▶ Problem description
When you reproduce the listing, keep every word as it is and drop the pictures.

▶ Dataset extract

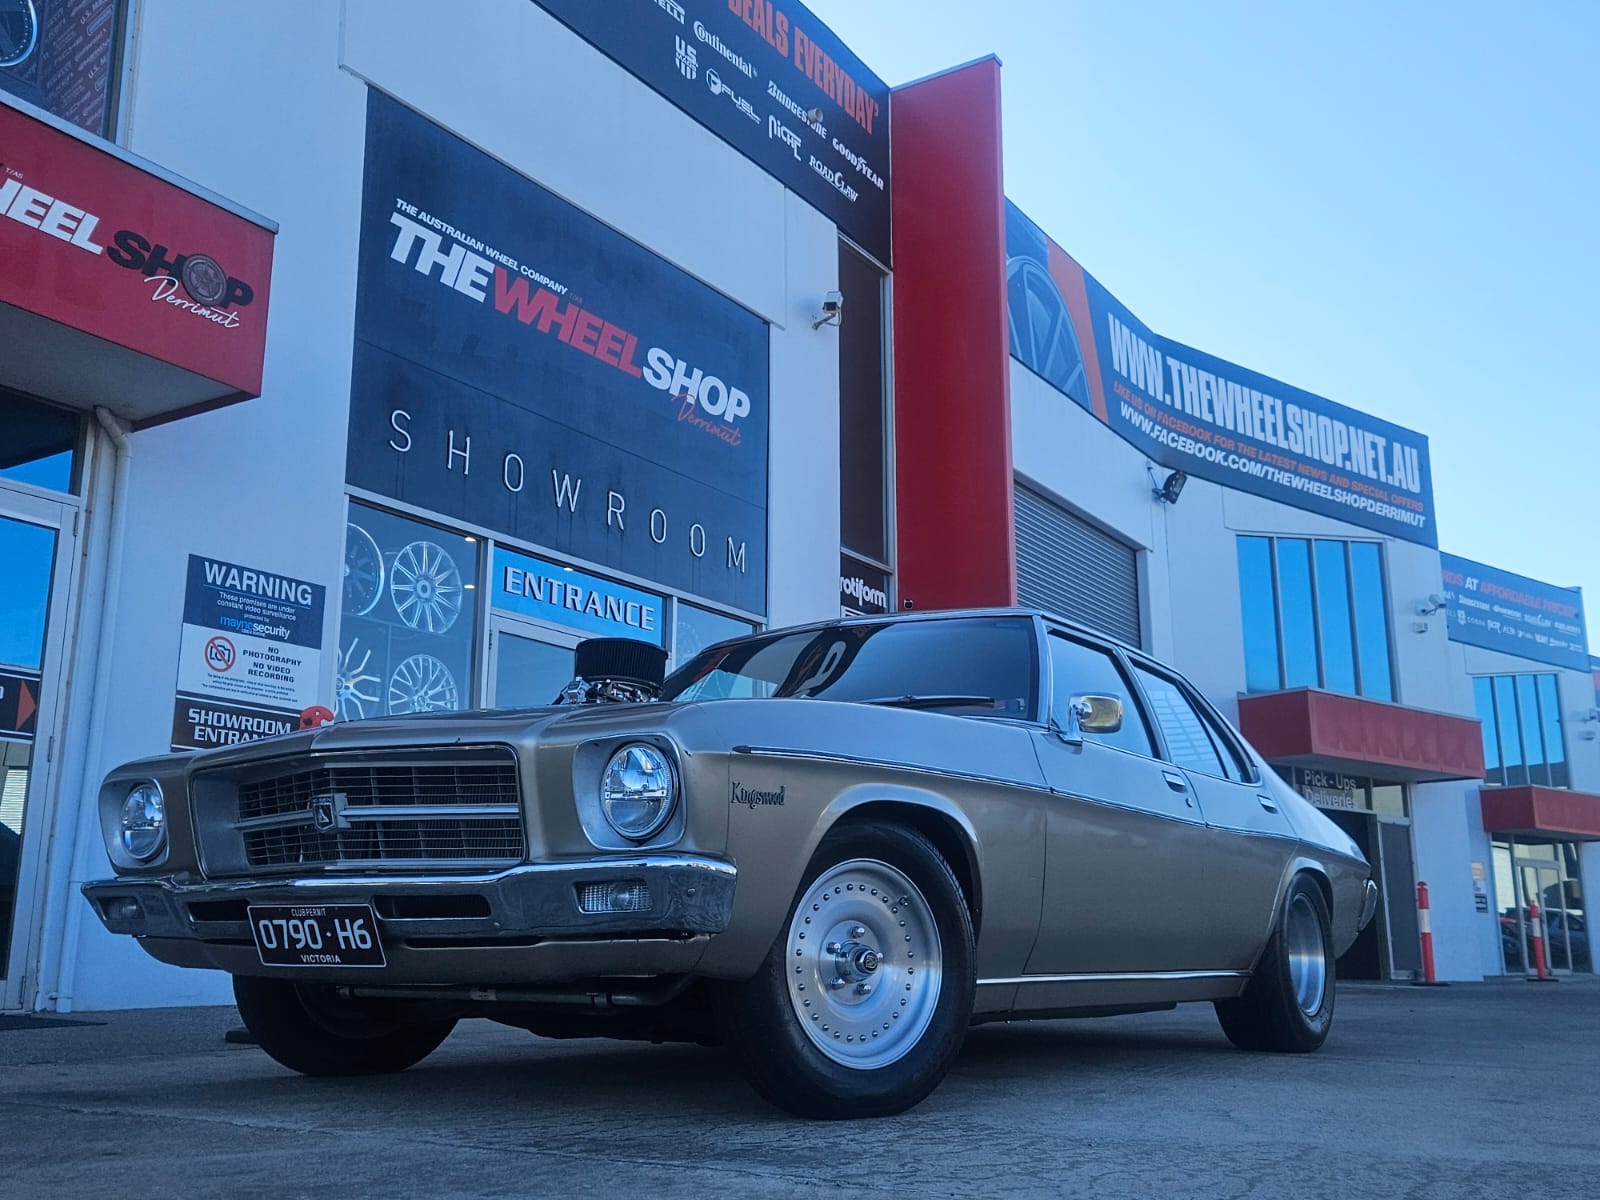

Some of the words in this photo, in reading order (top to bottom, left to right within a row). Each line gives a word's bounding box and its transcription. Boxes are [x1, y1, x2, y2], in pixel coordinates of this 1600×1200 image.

[728, 0, 789, 58] EALS
[693, 20, 752, 79] Continental
[721, 83, 761, 122] FUEL
[6, 167, 23, 179] T/AS
[832, 138, 884, 190] GOODYEAR
[396, 198, 418, 217] THE
[418, 211, 485, 252] AUSTRALIAN
[485, 245, 519, 271] WHEEL
[521, 265, 568, 295] COMPANY
[144, 276, 239, 328] Derrimut
[670, 394, 742, 447] Derrimut
[1108, 312, 1421, 494] WWW.THEWHEELSHOP.NET.AU
[1113, 381, 1132, 401] LIKE
[1132, 394, 1143, 411] US
[1144, 403, 1156, 418] ON
[1157, 411, 1212, 442] FACEBOOK
[1214, 434, 1234, 450] FOR
[1238, 442, 1257, 458] THE
[1258, 450, 1297, 470] LATEST
[1299, 463, 1328, 482] NEWS
[1329, 473, 1349, 488] AND
[1351, 480, 1389, 501] SPECIAL
[1120, 401, 1426, 528] WWW.FACEBOOK.COM/THEWHEELSHOPDERRIMUT
[389, 409, 746, 574] SHOWROOM
[204, 561, 312, 606] WARNING
[220, 591, 238, 602] These
[278, 604, 296, 614] under
[503, 564, 655, 632] ENTRANCE
[1465, 576, 1479, 591] AT
[217, 599, 244, 610] constant
[244, 605, 261, 614] video
[262, 609, 297, 621] surveillance
[242, 649, 302, 667] PHOTOGRAPHY
[253, 661, 264, 669] NO
[267, 664, 291, 675] VIDEO
[268, 646, 279, 655] NO
[248, 668, 294, 683] RECORDING
[188, 708, 292, 735] SHOWROOM
[194, 725, 266, 744] ENTRA
[1304, 770, 1328, 787] Pick
[300, 954, 342, 963] VICTORIA
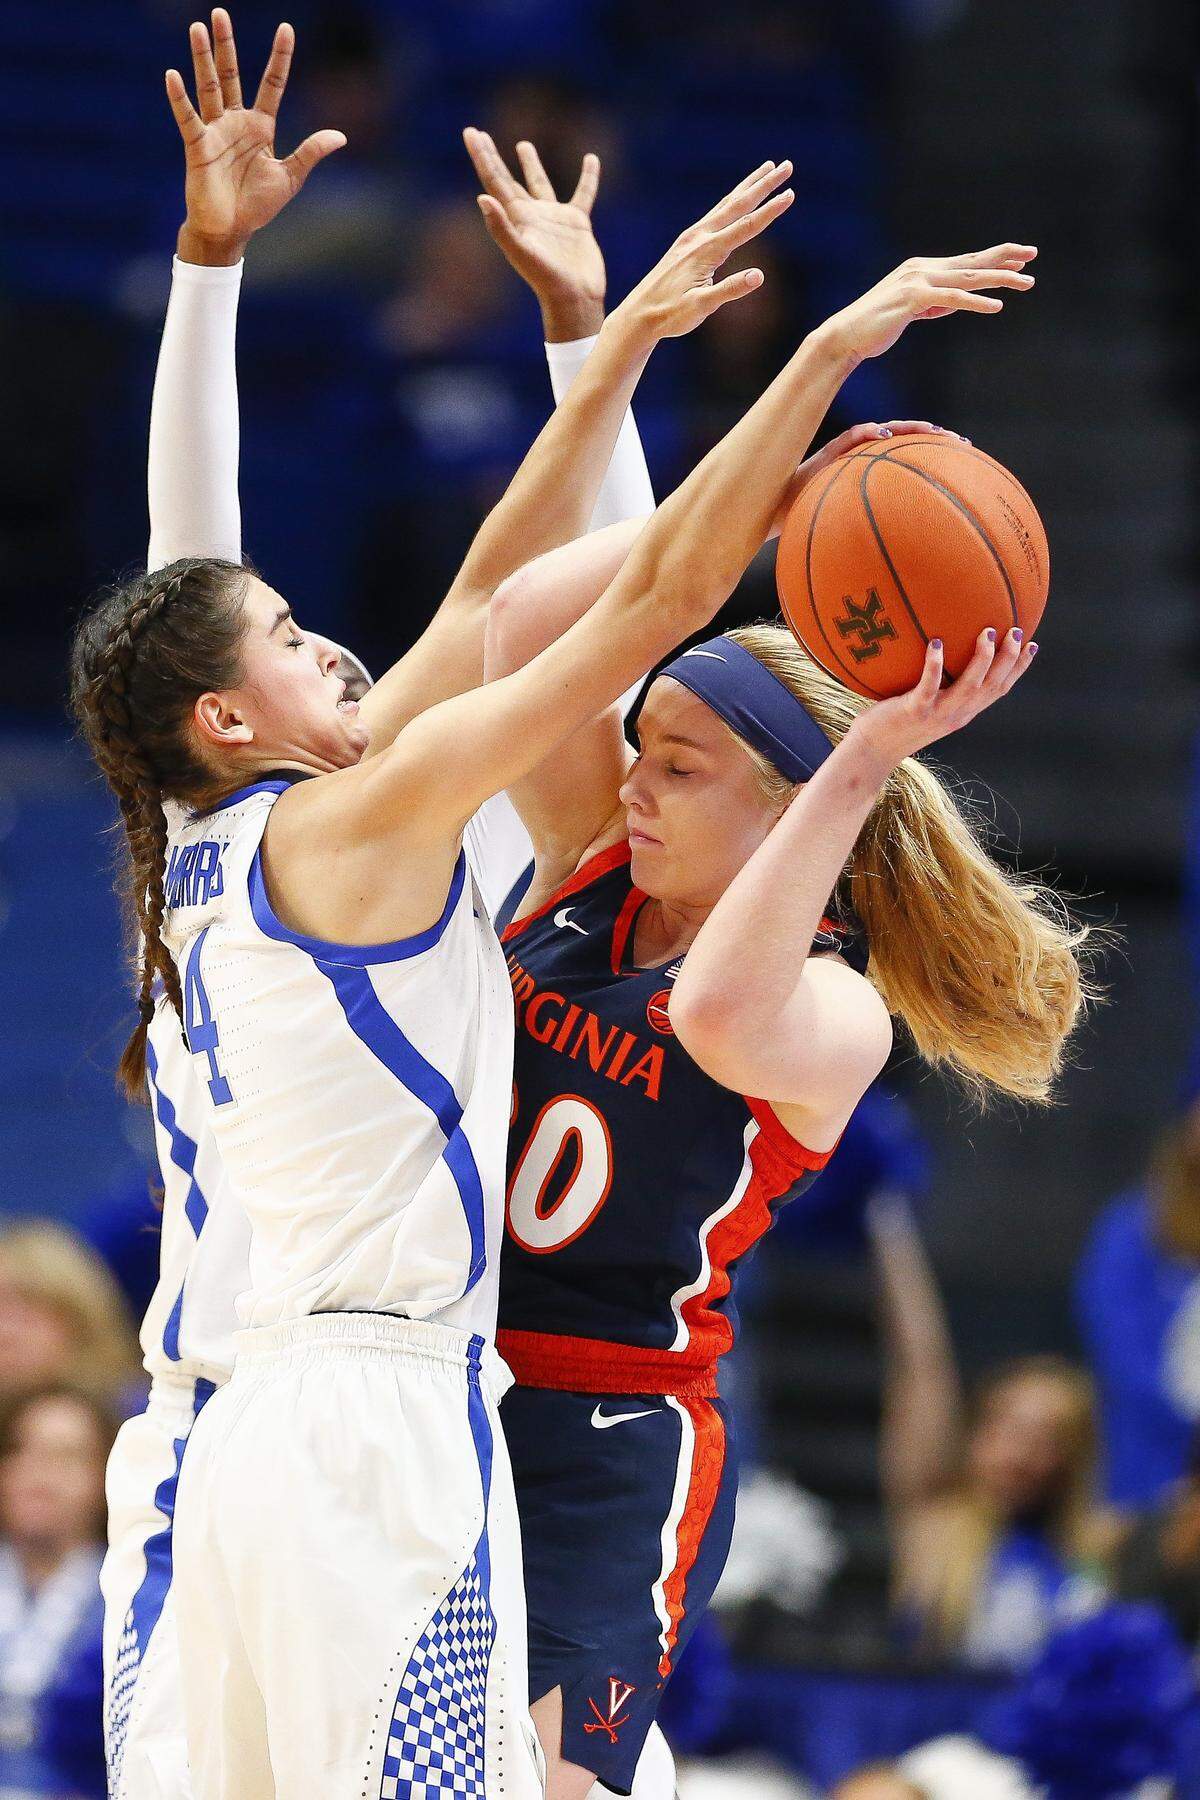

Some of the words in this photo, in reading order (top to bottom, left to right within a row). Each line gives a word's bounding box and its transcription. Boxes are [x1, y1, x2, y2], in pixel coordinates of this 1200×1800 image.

[185, 926, 234, 1107] 4
[507, 953, 665, 1101] RGINIA
[507, 1082, 614, 1254] 0
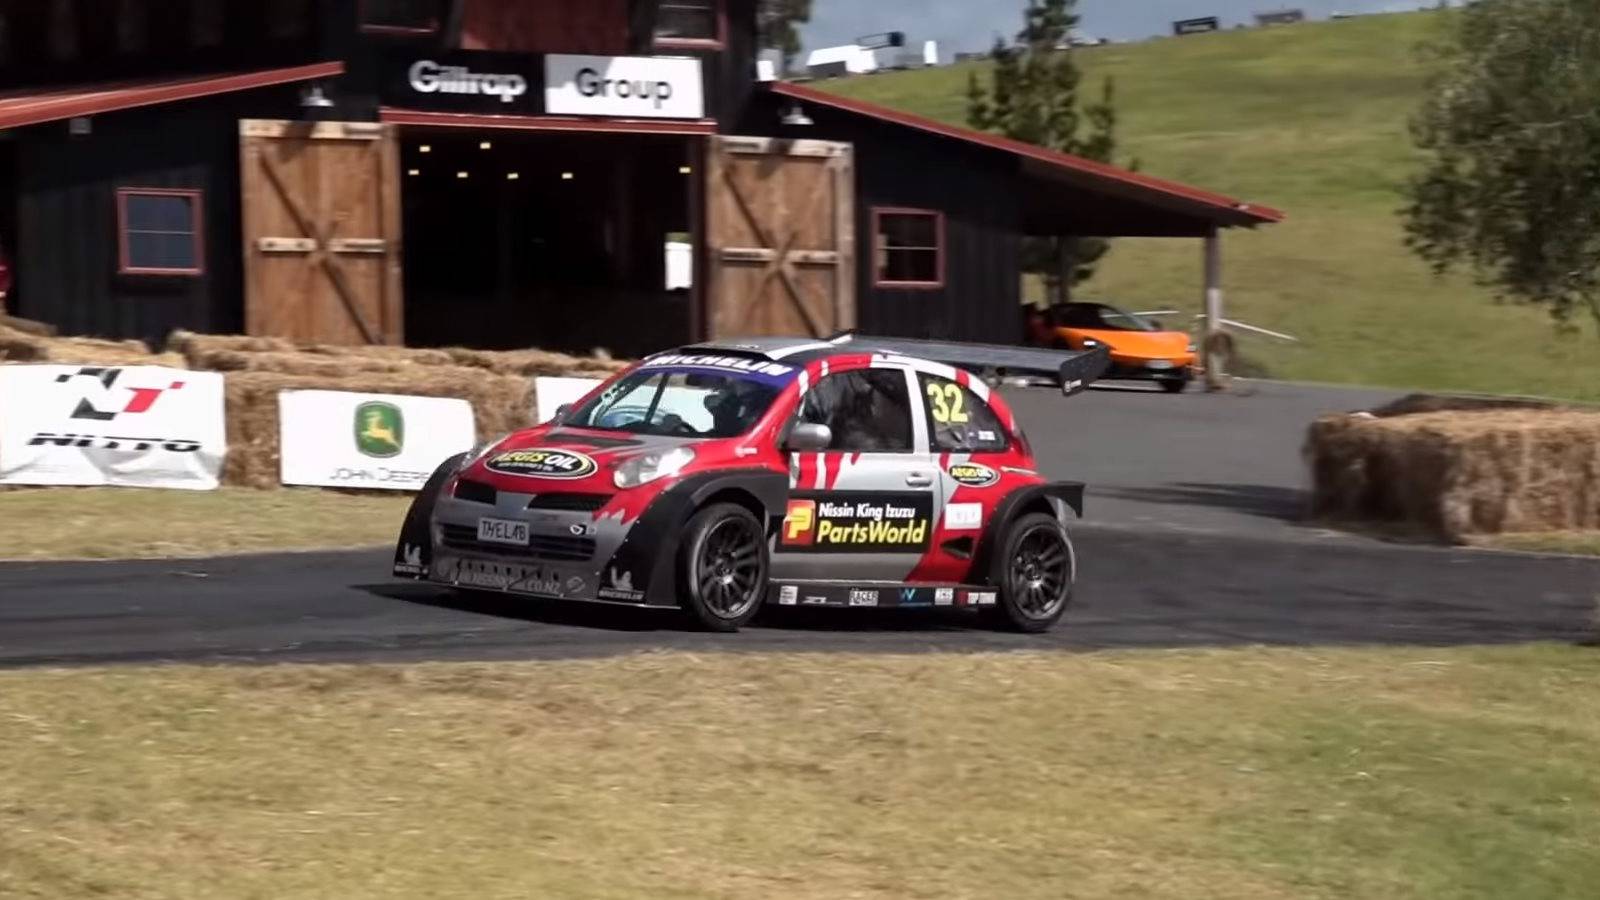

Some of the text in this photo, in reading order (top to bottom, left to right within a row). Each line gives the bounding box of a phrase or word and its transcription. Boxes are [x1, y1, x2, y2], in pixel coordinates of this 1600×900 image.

[575, 67, 673, 109] Group
[644, 354, 794, 377] MICHELIN
[926, 383, 969, 423] 32
[544, 454, 579, 470] OIL
[818, 502, 916, 521] Nissin King Izuzu
[816, 519, 927, 544] PartsWorld
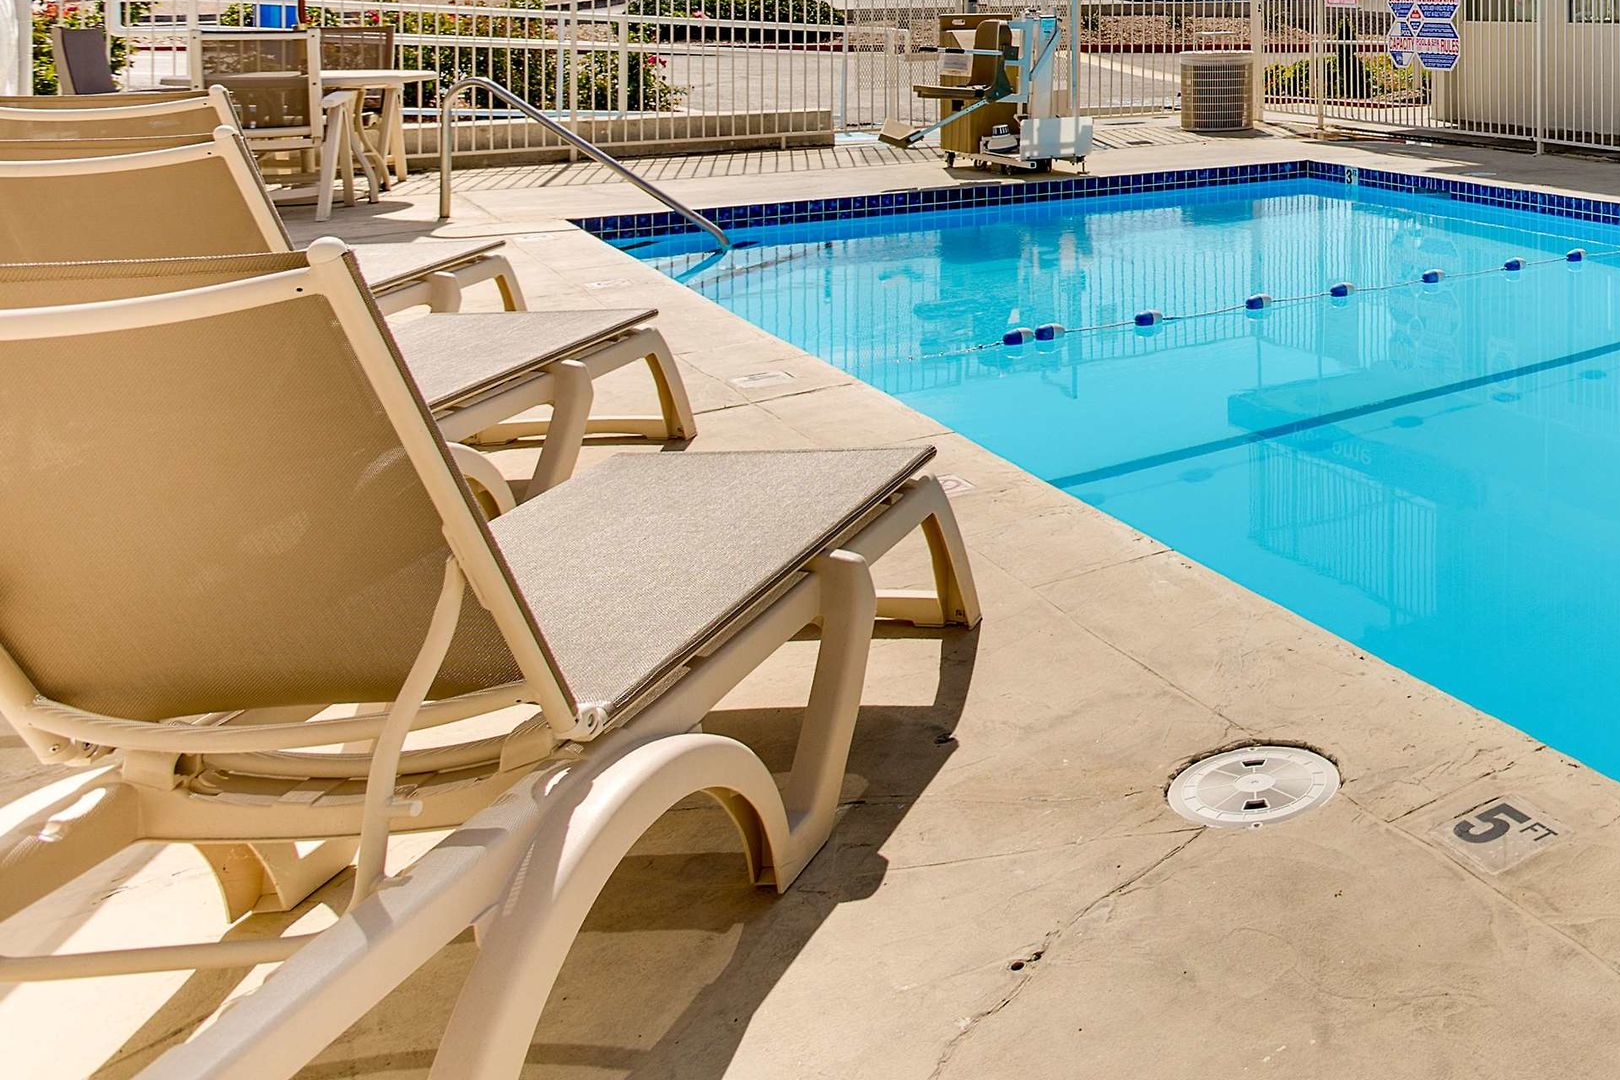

▶ Response below
Some of the words in this photo, in reading order (top to bottom, left to right within a row). Each line gives a word's bounding box and its transcription. Boxes are [x1, y1, x2, y2], in pixel coordinates of this 1600×1200 image.

[728, 0, 789, 58] EALS
[693, 20, 752, 79] Continental
[721, 83, 761, 122] FUEL
[6, 167, 23, 179] T/AS
[832, 138, 884, 190] GOODYEAR
[396, 198, 418, 217] THE
[418, 211, 485, 252] AUSTRALIAN
[485, 245, 519, 271] WHEEL
[521, 265, 568, 295] COMPANY
[144, 276, 239, 328] Derrimut
[670, 394, 742, 447] Derrimut
[1108, 312, 1421, 494] WWW.THEWHEELSHOP.NET.AU
[1113, 381, 1132, 401] LIKE
[1132, 394, 1143, 411] US
[1144, 403, 1156, 418] ON
[1157, 411, 1212, 442] FACEBOOK
[1214, 434, 1234, 450] FOR
[1238, 442, 1257, 458] THE
[1258, 450, 1297, 470] LATEST
[1299, 463, 1328, 482] NEWS
[1329, 473, 1349, 488] AND
[1351, 480, 1389, 501] SPECIAL
[1120, 401, 1426, 528] WWW.FACEBOOK.COM/THEWHEELSHOPDERRIMUT
[389, 409, 746, 574] SHOWROOM
[204, 561, 312, 606] WARNING
[220, 591, 238, 602] These
[278, 604, 296, 614] under
[503, 564, 655, 632] ENTRANCE
[1465, 576, 1479, 591] AT
[217, 599, 244, 610] constant
[244, 605, 261, 614] video
[262, 609, 297, 621] surveillance
[242, 649, 302, 667] PHOTOGRAPHY
[253, 661, 264, 669] NO
[267, 664, 291, 675] VIDEO
[268, 646, 279, 655] NO
[248, 668, 294, 683] RECORDING
[188, 708, 292, 735] SHOWROOM
[194, 725, 266, 744] ENTRA
[1304, 770, 1328, 787] Pick
[300, 954, 342, 963] VICTORIA

Some of the words in this photo, in reading order (top to bottom, left to right within a row). Each line gives a word's bounding box and its transcription. Boxes are [x1, y1, x2, y2], in pixel coordinates of this 1200×1800 image.

[185, 926, 234, 1107] 4
[507, 953, 665, 1101] RGINIA
[507, 1082, 614, 1254] 0

Some of the text in this photo, in reading order (top to bottom, left to right within a row). Each line gives the bounding box of a phrase or word and its transcription. Boxes are [x1, y1, x2, y2], in pixel coordinates of this 1600×900 image.

[575, 67, 673, 109] Group
[644, 354, 794, 377] MICHELIN
[926, 383, 969, 423] 32
[544, 454, 579, 470] OIL
[818, 502, 916, 521] Nissin King Izuzu
[816, 519, 927, 544] PartsWorld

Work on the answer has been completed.